[Task statement] Reproduce the data below word for word, setting aside any picture it holds.

[Data listing]
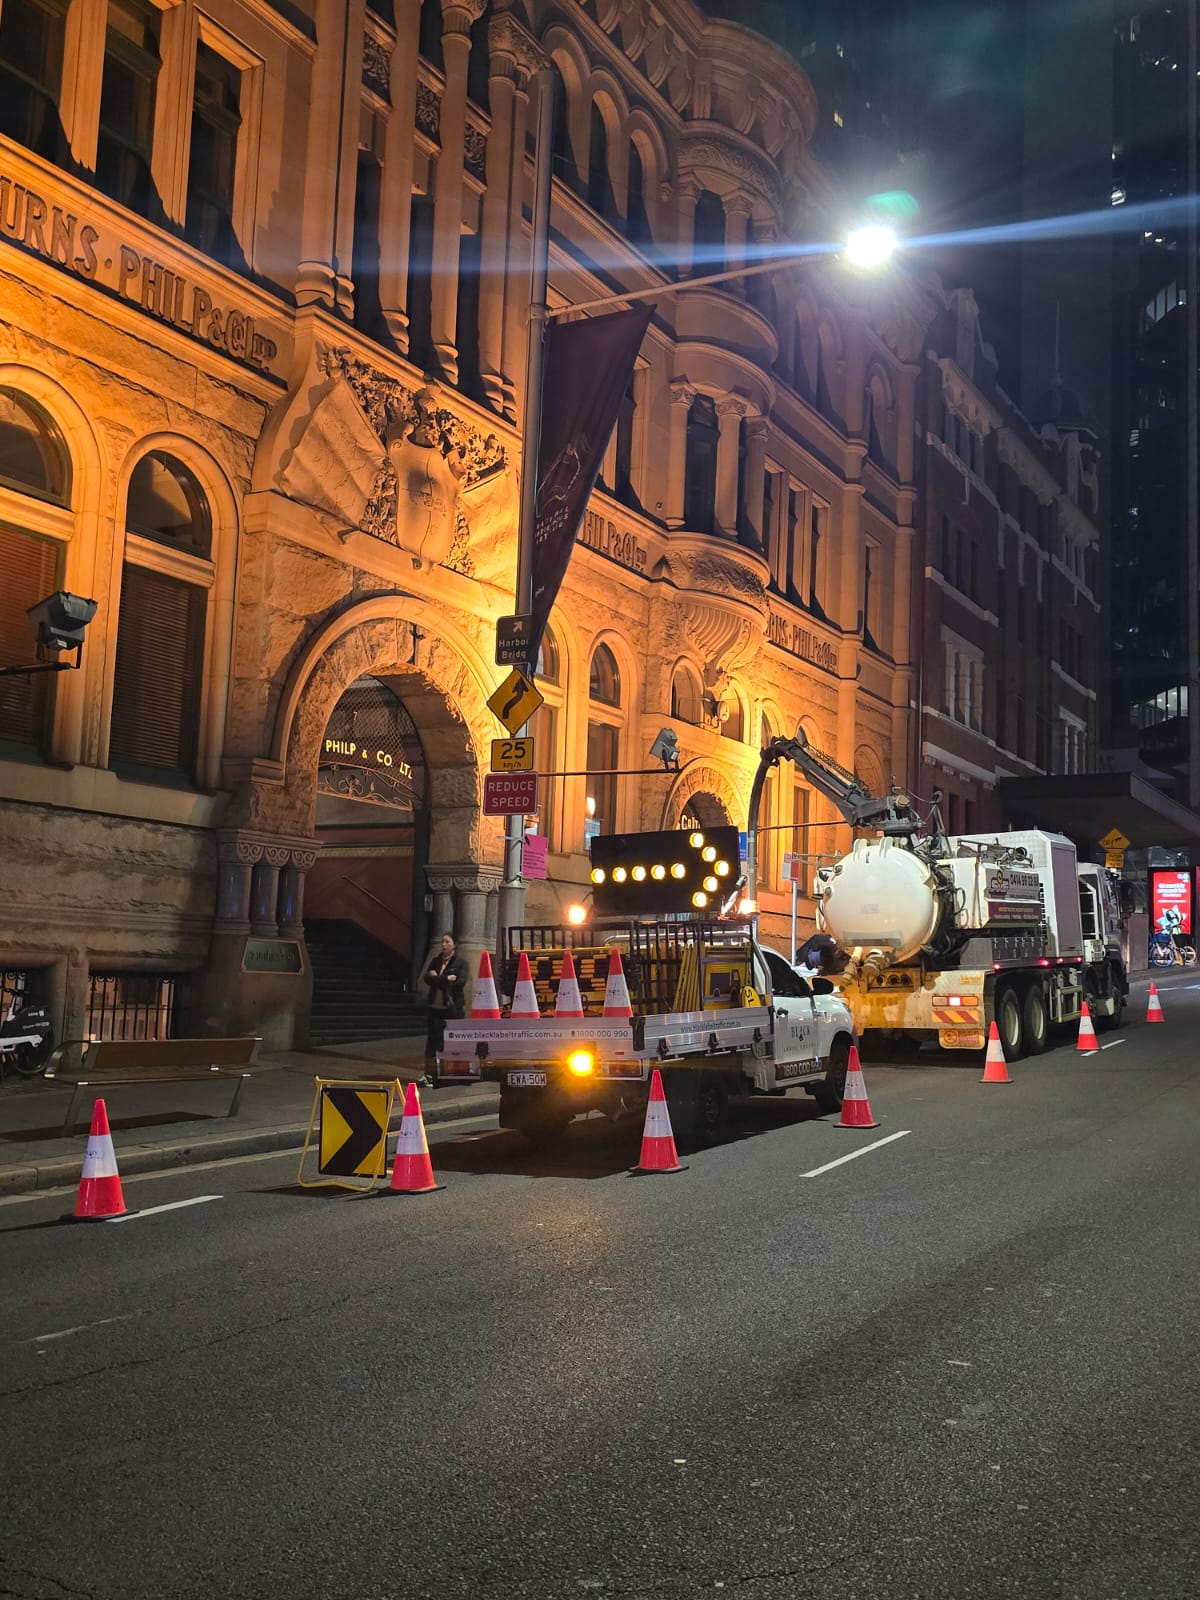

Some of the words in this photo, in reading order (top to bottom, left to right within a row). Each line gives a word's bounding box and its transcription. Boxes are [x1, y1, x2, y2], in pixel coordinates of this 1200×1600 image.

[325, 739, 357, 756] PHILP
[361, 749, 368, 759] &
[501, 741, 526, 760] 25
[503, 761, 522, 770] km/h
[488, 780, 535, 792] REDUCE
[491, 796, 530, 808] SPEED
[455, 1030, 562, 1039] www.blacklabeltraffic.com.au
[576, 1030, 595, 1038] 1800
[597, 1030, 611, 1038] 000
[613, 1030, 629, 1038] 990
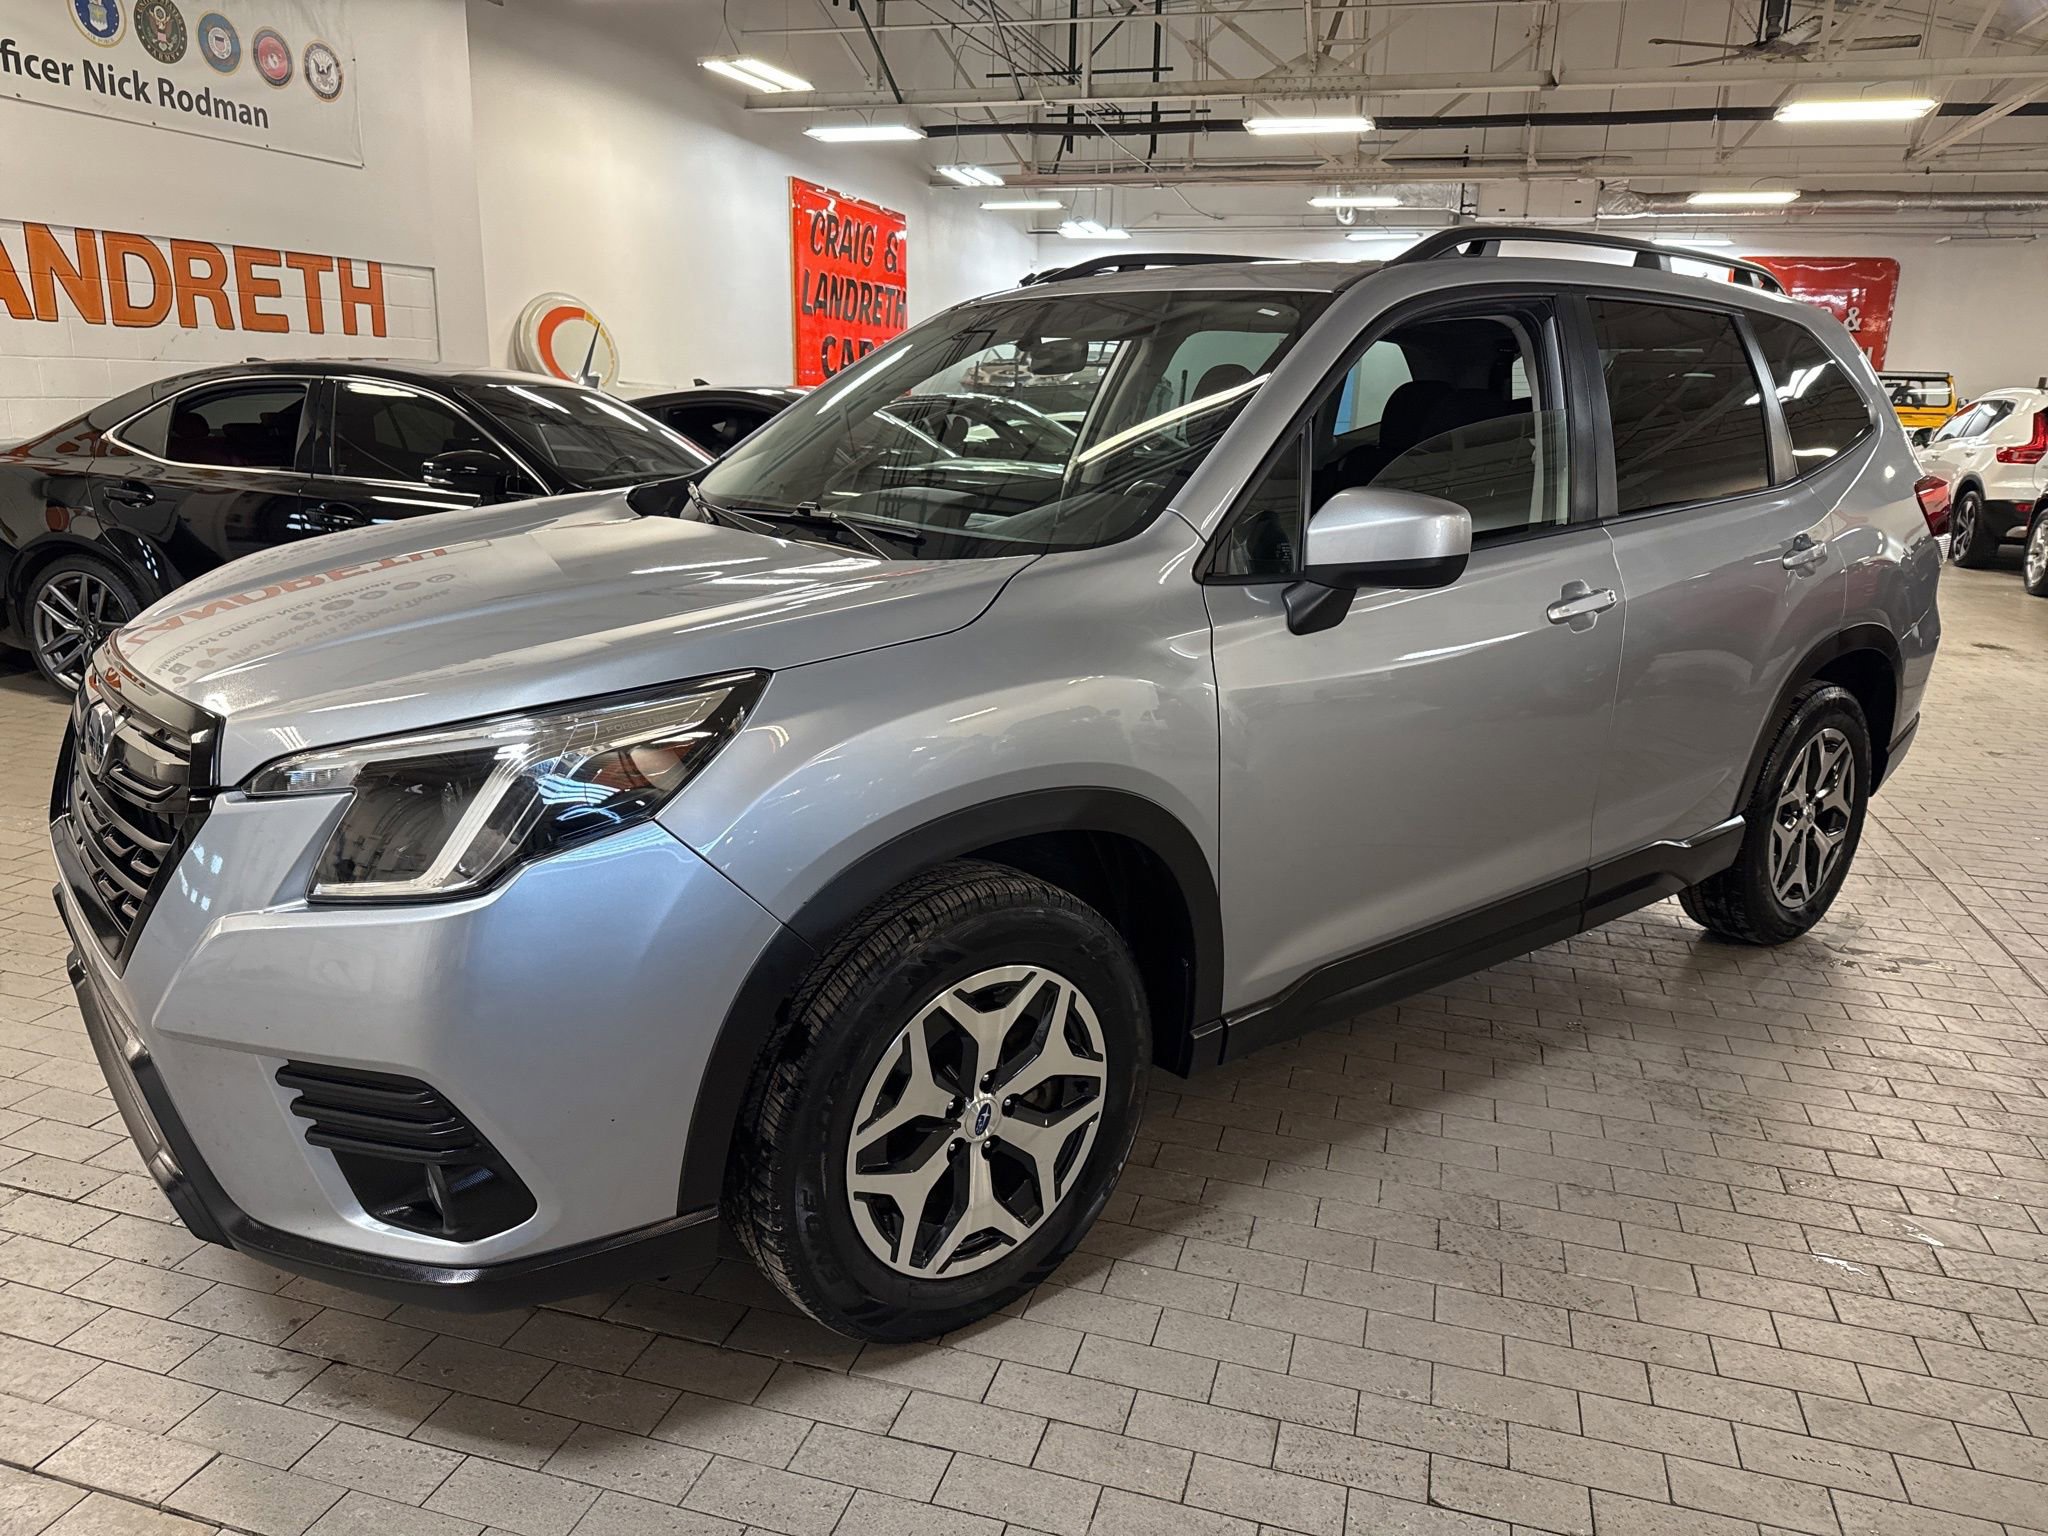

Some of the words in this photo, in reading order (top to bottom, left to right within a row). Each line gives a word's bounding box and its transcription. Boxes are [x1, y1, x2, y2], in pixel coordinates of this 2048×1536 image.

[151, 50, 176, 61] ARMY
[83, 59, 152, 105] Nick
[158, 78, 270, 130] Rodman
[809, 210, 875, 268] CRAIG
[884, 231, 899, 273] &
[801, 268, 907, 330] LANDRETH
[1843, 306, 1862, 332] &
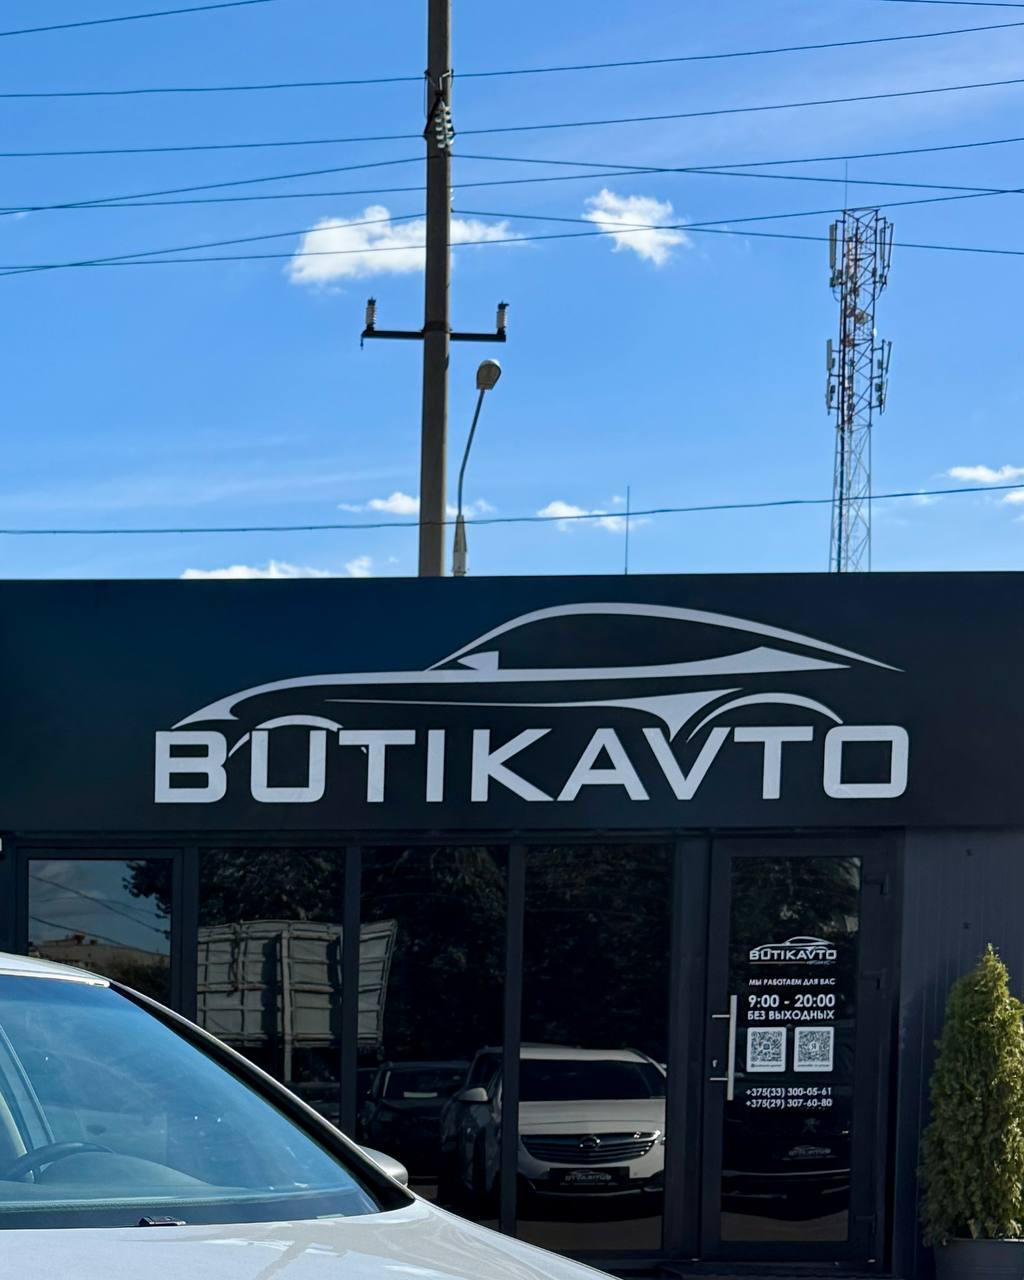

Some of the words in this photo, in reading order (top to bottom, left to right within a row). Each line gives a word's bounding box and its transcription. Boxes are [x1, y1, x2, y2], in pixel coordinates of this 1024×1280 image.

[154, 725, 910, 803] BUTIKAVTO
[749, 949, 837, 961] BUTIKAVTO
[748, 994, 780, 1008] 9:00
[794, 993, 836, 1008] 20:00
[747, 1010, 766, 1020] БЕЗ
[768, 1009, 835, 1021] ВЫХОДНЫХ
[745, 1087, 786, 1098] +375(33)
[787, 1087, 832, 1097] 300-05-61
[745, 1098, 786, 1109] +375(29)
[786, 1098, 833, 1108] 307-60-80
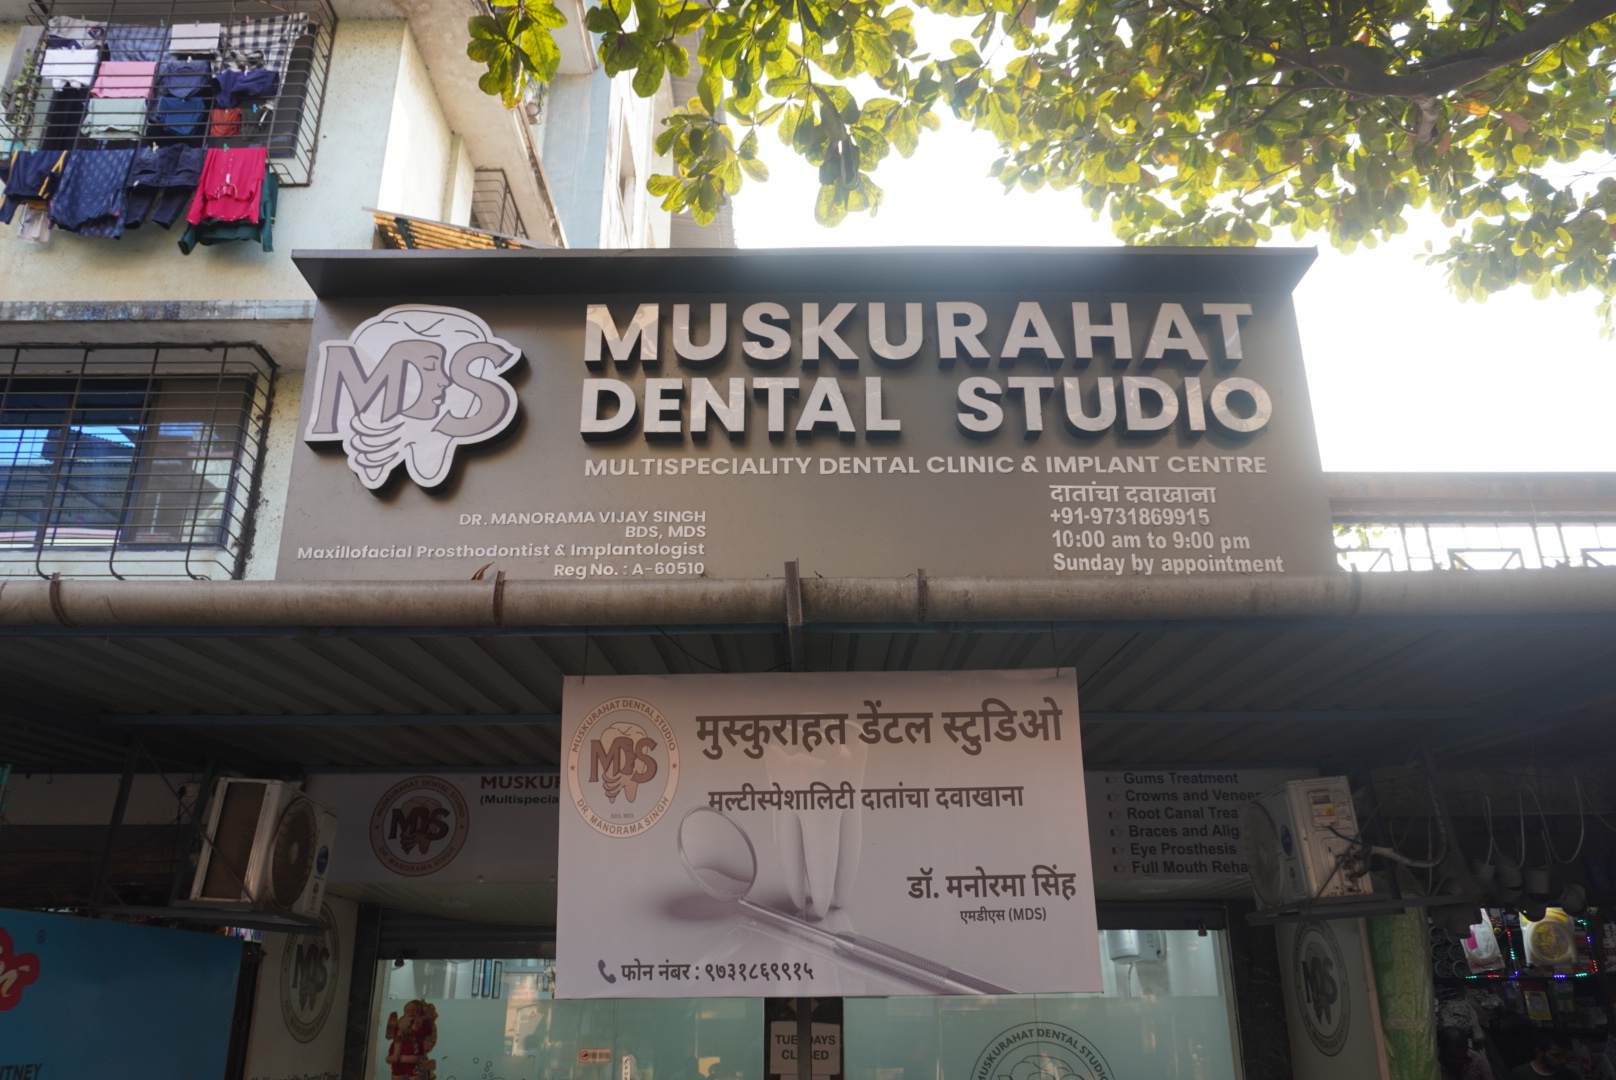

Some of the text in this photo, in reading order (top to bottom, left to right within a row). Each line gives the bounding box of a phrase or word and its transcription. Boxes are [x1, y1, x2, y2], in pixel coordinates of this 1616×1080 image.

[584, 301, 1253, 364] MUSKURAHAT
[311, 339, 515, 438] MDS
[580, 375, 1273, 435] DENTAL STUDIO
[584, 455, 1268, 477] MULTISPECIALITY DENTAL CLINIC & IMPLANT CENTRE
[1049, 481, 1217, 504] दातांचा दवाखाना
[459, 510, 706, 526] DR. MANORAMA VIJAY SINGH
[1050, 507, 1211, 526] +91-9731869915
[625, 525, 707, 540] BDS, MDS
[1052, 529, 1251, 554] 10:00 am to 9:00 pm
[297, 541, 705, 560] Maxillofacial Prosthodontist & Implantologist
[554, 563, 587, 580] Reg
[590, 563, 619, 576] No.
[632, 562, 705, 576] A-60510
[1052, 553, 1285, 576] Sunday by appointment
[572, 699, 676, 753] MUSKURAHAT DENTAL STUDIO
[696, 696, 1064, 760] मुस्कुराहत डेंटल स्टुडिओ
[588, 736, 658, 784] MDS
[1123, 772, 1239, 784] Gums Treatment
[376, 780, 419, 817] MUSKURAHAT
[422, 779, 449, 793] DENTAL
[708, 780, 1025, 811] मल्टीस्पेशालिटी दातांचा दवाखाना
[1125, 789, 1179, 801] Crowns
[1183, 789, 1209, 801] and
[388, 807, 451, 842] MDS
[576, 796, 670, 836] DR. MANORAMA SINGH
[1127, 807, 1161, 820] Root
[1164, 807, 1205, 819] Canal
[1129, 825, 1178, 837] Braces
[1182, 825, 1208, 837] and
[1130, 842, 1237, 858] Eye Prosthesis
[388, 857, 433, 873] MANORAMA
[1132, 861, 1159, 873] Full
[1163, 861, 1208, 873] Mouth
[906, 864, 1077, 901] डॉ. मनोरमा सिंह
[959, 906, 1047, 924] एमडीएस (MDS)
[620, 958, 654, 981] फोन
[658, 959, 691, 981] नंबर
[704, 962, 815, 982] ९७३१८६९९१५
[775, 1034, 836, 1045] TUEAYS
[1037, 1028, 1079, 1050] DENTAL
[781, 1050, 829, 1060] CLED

[Result of this task]
Some of the words in this photo, in reading order (top to bottom, left to right within a row). Each line gives a word's bounding box and its transcription. Boxes are [x1, y1, x2, y2], in pixel coordinates of this 1200×1600 image.

[325, 739, 357, 756] PHILP
[361, 749, 368, 759] &
[501, 741, 526, 760] 25
[503, 761, 522, 770] km/h
[488, 780, 535, 792] REDUCE
[491, 796, 530, 808] SPEED
[455, 1030, 562, 1039] www.blacklabeltraffic.com.au
[576, 1030, 595, 1038] 1800
[597, 1030, 611, 1038] 000
[613, 1030, 629, 1038] 990

Some of the words in this photo, in reading order (top to bottom, left to right within a row). Each line gives a word's bounding box and its transcription. Boxes are [x1, y1, x2, y2], in pixel coordinates of this 2048×1536 image.

[151, 50, 176, 61] ARMY
[83, 59, 152, 105] Nick
[158, 78, 270, 130] Rodman
[809, 210, 875, 268] CRAIG
[884, 231, 899, 273] &
[801, 268, 907, 330] LANDRETH
[1843, 306, 1862, 332] &

Some of the words in this photo, in reading order (top to bottom, left to right within a row). Each line gives a word's bounding box and its transcription. Boxes are [x1, y1, x2, y2], in pixel coordinates of this 1024×1280 image.

[154, 725, 910, 803] BUTIKAVTO
[749, 949, 837, 961] BUTIKAVTO
[748, 994, 780, 1008] 9:00
[794, 993, 836, 1008] 20:00
[747, 1010, 766, 1020] БЕЗ
[768, 1009, 835, 1021] ВЫХОДНЫХ
[745, 1087, 786, 1098] +375(33)
[787, 1087, 832, 1097] 300-05-61
[745, 1098, 786, 1109] +375(29)
[786, 1098, 833, 1108] 307-60-80

Some of the text in this photo, in reading order (top to bottom, left to right within a row). Each line gives the bounding box of a phrase or word and its transcription. Boxes are [x1, y1, x2, y2], in pixel coordinates of this 1616×1080 image.

[584, 301, 1253, 364] MUSKURAHAT
[311, 339, 515, 438] MDS
[580, 375, 1273, 435] DENTAL STUDIO
[584, 455, 1268, 477] MULTISPECIALITY DENTAL CLINIC & IMPLANT CENTRE
[1049, 481, 1217, 504] दातांचा दवाखाना
[459, 510, 706, 526] DR. MANORAMA VIJAY SINGH
[1050, 507, 1211, 526] +91-9731869915
[625, 525, 707, 540] BDS, MDS
[1052, 529, 1251, 554] 10:00 am to 9:00 pm
[297, 541, 705, 560] Maxillofacial Prosthodontist & Implantologist
[554, 563, 587, 580] Reg
[590, 563, 619, 576] No.
[632, 562, 705, 576] A-60510
[1052, 553, 1285, 576] Sunday by appointment
[572, 699, 676, 753] MUSKURAHAT DENTAL STUDIO
[696, 696, 1064, 760] मुस्कुराहत डेंटल स्टुडिओ
[588, 736, 658, 784] MDS
[1123, 772, 1239, 784] Gums Treatment
[376, 780, 419, 817] MUSKURAHAT
[422, 779, 449, 793] DENTAL
[708, 780, 1025, 811] मल्टीस्पेशालिटी दातांचा दवाखाना
[1125, 789, 1179, 801] Crowns
[1183, 789, 1209, 801] and
[388, 807, 451, 842] MDS
[576, 796, 670, 836] DR. MANORAMA SINGH
[1127, 807, 1161, 820] Root
[1164, 807, 1205, 819] Canal
[1129, 825, 1178, 837] Braces
[1182, 825, 1208, 837] and
[1130, 842, 1237, 858] Eye Prosthesis
[388, 857, 433, 873] MANORAMA
[1132, 861, 1159, 873] Full
[1163, 861, 1208, 873] Mouth
[906, 864, 1077, 901] डॉ. मनोरमा सिंह
[959, 906, 1047, 924] एमडीएस (MDS)
[620, 958, 654, 981] फोन
[658, 959, 691, 981] नंबर
[704, 962, 815, 982] ९७३१८६९९१५
[775, 1034, 836, 1045] TUEAYS
[1037, 1028, 1079, 1050] DENTAL
[781, 1050, 829, 1060] CLED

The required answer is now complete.